Petals The 6 petals are vermillion, and have the following syllables written on them in the colour of lightning; bam, bham, mam, yam, ram and lam. They represent the vrittis of affection, pitilessness, feeling of all-destructiveness, delusion, disdain and suspicion.

Swadhisthana is associated with the unconscious, and with emotion. It is closely related to Muladhara in that Swadhisthana is where the different samskaras (potential karmas), lie dormant, and Muladhara is where these samskaras find expression. It is associated with the element of water, the sense of taste, and the action of reproduction.

Swadhisthana contains unconscious desires, especially sexual desire, and it is said that to raise the kundalini shakti (energy of consciousness) above Swadhisthana is extremely difficult for this reason. Many saints have had to face the sexual temptations associated with this chakra.

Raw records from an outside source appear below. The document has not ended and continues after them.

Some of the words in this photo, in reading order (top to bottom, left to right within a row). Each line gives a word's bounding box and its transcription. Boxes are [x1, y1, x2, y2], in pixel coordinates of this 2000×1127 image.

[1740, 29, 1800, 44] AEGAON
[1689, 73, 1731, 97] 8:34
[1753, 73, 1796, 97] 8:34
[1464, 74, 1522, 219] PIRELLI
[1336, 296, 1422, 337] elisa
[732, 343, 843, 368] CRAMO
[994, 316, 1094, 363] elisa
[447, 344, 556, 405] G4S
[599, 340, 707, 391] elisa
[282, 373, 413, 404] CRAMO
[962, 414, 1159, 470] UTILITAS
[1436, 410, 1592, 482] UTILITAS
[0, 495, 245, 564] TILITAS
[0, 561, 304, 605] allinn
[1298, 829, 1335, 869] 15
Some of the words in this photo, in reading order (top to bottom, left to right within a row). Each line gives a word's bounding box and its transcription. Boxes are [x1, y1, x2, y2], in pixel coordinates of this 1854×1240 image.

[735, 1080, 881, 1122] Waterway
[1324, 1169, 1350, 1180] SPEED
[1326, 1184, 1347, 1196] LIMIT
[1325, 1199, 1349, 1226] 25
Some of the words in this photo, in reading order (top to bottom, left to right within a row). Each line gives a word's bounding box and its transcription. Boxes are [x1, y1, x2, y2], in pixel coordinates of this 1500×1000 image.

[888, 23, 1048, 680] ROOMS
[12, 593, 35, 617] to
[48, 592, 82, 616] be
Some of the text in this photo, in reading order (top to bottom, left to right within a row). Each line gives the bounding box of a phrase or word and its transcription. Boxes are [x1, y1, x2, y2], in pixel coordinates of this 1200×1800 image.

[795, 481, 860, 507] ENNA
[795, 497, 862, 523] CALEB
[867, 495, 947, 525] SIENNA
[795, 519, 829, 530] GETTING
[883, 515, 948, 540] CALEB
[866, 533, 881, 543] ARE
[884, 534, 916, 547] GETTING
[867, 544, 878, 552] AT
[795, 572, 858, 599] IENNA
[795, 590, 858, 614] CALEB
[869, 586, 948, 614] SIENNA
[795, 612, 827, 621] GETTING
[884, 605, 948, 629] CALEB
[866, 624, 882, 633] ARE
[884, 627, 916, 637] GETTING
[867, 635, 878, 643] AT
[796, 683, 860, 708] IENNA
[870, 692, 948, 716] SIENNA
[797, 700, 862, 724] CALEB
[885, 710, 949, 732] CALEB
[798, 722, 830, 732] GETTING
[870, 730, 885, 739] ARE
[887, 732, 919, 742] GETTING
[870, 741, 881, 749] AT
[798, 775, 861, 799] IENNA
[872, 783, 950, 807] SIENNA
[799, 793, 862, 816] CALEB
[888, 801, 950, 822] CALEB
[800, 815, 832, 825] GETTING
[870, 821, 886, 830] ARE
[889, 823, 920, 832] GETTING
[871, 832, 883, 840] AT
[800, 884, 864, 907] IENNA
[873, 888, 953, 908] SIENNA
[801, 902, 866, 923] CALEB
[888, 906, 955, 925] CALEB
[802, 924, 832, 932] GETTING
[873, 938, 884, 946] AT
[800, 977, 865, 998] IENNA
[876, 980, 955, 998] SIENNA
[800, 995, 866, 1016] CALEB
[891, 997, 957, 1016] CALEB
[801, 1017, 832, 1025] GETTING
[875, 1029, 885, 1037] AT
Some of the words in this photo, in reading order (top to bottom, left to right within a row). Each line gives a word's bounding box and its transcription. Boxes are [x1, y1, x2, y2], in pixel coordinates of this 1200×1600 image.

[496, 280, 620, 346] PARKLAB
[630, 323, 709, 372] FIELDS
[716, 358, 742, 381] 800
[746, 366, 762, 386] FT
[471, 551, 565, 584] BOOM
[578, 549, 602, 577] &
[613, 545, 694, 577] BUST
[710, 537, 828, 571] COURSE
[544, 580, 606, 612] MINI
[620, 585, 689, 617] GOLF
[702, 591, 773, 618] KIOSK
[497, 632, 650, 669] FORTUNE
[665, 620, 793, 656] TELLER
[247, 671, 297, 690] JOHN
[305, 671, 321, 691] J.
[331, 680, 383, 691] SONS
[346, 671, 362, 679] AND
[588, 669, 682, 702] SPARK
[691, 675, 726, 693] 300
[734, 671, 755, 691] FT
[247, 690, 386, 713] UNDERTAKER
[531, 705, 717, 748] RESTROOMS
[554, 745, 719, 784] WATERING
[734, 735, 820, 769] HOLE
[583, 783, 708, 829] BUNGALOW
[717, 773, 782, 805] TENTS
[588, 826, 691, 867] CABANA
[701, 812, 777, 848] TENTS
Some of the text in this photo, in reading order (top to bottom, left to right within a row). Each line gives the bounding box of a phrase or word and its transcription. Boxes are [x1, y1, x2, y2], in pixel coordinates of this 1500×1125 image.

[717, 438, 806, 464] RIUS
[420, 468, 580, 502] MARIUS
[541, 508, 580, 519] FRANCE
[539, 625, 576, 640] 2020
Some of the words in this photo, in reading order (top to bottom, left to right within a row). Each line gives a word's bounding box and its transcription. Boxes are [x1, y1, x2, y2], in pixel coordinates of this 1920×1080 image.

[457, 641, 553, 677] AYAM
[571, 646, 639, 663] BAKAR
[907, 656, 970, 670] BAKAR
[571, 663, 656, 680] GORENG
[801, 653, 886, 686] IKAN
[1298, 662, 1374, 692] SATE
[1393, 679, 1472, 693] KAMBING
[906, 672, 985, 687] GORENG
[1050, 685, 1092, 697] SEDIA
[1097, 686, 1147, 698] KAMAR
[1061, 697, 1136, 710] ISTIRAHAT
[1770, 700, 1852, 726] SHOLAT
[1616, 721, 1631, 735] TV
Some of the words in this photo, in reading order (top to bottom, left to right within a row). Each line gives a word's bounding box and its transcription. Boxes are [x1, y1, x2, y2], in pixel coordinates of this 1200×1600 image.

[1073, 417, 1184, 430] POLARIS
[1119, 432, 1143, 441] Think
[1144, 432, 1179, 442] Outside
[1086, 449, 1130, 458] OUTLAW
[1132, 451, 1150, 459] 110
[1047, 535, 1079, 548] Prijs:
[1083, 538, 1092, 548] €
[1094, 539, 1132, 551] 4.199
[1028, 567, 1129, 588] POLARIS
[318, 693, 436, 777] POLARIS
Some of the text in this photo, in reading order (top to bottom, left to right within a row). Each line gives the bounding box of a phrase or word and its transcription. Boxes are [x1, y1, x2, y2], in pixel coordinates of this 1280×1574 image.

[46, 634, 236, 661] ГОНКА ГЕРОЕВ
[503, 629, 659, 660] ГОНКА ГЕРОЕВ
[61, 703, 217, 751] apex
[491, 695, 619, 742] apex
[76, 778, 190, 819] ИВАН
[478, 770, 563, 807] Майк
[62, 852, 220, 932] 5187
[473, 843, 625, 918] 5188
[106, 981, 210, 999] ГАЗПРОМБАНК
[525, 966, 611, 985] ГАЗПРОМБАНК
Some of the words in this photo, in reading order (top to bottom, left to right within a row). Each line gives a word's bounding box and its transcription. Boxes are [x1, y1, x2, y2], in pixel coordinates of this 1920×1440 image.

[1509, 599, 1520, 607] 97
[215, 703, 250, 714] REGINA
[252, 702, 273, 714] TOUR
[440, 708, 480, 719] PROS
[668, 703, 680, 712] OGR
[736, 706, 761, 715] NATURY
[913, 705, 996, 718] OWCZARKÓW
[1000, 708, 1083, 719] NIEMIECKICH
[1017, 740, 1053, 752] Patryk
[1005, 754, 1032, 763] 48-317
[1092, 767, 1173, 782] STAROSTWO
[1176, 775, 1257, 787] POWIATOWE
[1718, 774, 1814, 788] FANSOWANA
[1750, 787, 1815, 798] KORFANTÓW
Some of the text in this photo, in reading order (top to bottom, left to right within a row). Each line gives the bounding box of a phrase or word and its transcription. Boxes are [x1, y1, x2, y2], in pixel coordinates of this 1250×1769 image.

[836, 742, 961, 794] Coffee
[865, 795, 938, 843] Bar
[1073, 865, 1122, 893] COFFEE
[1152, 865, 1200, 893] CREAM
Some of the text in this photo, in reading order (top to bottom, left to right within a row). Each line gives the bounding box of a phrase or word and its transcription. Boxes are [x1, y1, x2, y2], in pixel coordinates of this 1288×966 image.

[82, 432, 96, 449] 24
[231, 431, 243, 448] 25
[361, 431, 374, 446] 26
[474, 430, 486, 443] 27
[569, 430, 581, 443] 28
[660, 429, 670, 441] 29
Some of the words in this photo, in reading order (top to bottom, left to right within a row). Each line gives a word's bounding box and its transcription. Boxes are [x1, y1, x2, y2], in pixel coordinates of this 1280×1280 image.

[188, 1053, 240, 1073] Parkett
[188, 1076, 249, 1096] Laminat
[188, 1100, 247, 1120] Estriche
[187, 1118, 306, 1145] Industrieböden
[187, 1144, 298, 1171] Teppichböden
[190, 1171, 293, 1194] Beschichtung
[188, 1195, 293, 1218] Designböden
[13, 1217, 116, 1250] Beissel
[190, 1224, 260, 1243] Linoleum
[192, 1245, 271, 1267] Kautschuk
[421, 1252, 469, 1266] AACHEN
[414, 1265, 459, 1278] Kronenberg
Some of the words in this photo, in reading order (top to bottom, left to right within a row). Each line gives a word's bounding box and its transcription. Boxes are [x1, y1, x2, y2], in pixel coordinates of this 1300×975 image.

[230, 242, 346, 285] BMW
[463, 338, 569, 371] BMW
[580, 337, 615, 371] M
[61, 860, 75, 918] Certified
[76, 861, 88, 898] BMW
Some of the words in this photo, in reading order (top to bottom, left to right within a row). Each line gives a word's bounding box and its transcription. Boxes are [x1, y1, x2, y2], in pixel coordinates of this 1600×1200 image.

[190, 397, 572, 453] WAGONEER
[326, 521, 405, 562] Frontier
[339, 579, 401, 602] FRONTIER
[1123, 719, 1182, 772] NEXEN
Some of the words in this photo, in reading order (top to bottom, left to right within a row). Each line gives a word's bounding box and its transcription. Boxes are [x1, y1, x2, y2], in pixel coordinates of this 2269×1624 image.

Through meditation on Swadhisthana, the following siddhis or occult powers are said to be obtained. One is freed from all his enemies, and becomes a lord among yogis. His words flow like nectar in well-reasoned discourse. One gains loss of fear of water, awareness of astral entities, and the ability to taste anything desired for oneself or others.

Association with the body
The location of Svadhisthana is just in front of the spine, in the sacral region, and its kshetram or activation point is in the pubic region. Being connected with the sense of taste, it is associated with the tongue, and being connected with reproduction, it is associated with the genitals.

It is often associated with the endocrine organs of the testes or ovaries in men and women respectively. These produce the hormones testosterone or estrogen, which are important factors in sexual behavior. These are also the locations the spermatoza or eggs are stored with their latent genetic information, like the latent samskaras that lie dormant within Swadhisthana.